(This video was made for 3Arts Fundraising project)
TOYOAKIMOTO: Reconstruction of Tokyo Style Geisha Music
Chicago's renowned musician, Tatsu Aoki, presents his new work of
a 300-year legacy of Japanese cultural arts.
Tatsu Aoki is a prolific artist, composer, musician, educator and a consummate bassist and Shamisen Lute player. Born in Tokyo, Japan and now based in Chicago, Aoki works in a wide range of musical genres, ranging from traditional Japanese music, jazz, experimental and creative music.
TOYOAKIMOTO is a project stemming from Tatsu Aoki's personal musical heritage and journey. Aoki was born in Tokyo, Japan (in 1957), into an artisan family clan called “TOYOAKIMOTO,” a lineage that was defined by its profession and business as “okiya.” Okiya houses were training and booking agents for geisha, whose proficiency in the arts of traditional music, dance, and conversation were in high demand in the designated entertainment area in downtown Tokyo. While the economy and changed social environment forced many okiya to close down in the 1960's, Aoki was fortunate to receive, from the age of four, the important training essential to traditional Tokyo geisha culture, and became a part of the family performing crew.
After his grandmother passed away, he continued the Tokyo music training until his early teens, when he shifted his musical focus to American pop music and experimental music. Since his biological father was a movie producer at Shin Toho Studio, he had also began working in small gage films and started to produce experimental films. He was an active performer during the early 70's in the midst of the Tokyo underground arts movement and became a member of a Japanese experimental music ensemble called GINTENKAI, which presented a mixture of traditional Japanese music and new western music. Since coming to the United States in 1977, Aoki has been active in traditional music, progressive music, and the advancement of Asian American music in the Chicago area. He studied experimental filmmaking at the School of the Art Institute of Chicago. He is currently an adjunct Associate Professor there in the Film, Video and New Media Department, and teaches film production and history courses. Aoki is one of Chicago's most in-demand musicians on contrabass, taiko (Japanese drums) and shamisen (Japanese lute).
Under those environments of his childhood, Aoki has inherited historical and traditional essence of Tokyo Entertainment district's musical concepts, basics and value of flexible creations and applications. With the fall of these special districts in the late 60's and early 70's, the Tokyo's regional Entertainment musical concepts also disappears and as many other art forms did, Tokyo Geisha music had institutionalized.
Aoki started the reconstruction of his geisha house music in 2006. His hope was to retrieve and preserve this culturally important tradition. The project started when Aoki met with two acclaimed shamisen grand masters from the Kineya family in Tokyo, and it developed through their collaboration as Aoki taught them the music and concepts. It took the three of them about three years and much travel--to and from Japan, Chicago, and San Francisco.to learn the songs and to become fluent in their performance. The realization of this project has been a long time ambition of Aoki's, but it has been difficult because of the high level of commitment required not only to learn the songs, but also to perform them masterfully.

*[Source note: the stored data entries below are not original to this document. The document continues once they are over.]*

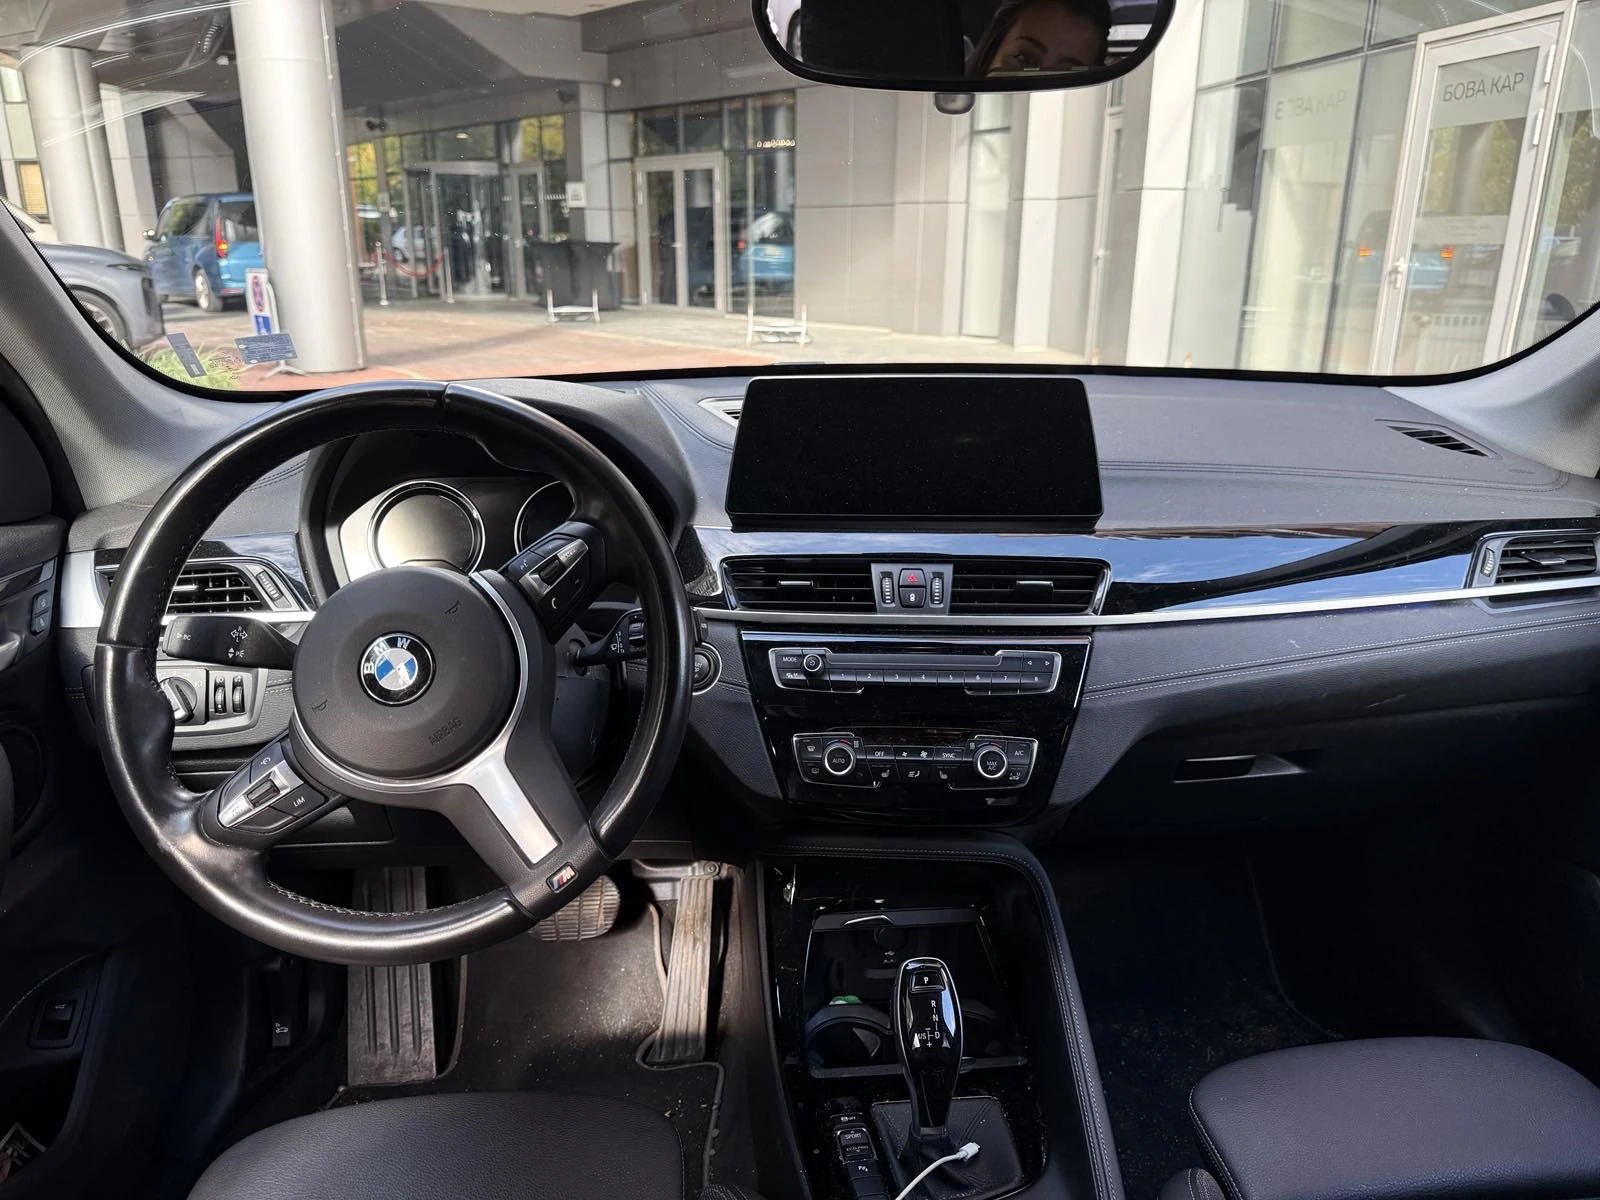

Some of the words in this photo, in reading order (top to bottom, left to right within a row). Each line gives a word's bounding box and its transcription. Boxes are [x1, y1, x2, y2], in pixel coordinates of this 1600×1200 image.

[1443, 80, 1486, 102] БОВА
[1490, 72, 1525, 95] КАР
[363, 637, 411, 675] BMW
[293, 796, 306, 808] LIM
[923, 976, 929, 985] P
[931, 1000, 937, 1008] R
[932, 1014, 939, 1022] N
[934, 1031, 941, 1039] D
[844, 1132, 862, 1140] SPORT

“One of my most important goals is to preserve the original essence of fluidity and flexibility, and to perform the rawness of REAL sound. I always apply this idea to everything I do. From my childhood environment, I inherited the historical and traditional essence of the Tokyo entertainment district's musical concepts, and the fundamentals and value of flexible creations and applications. With the decline of these special districts in the late 60's and early 70's, the musical concepts of Tokyo's regional entertainment also faded away, along with many other art forms that Tokyo geisha music had institutionalized. I wanted to recreate the lost spirit and reconstruct this wonderful music.”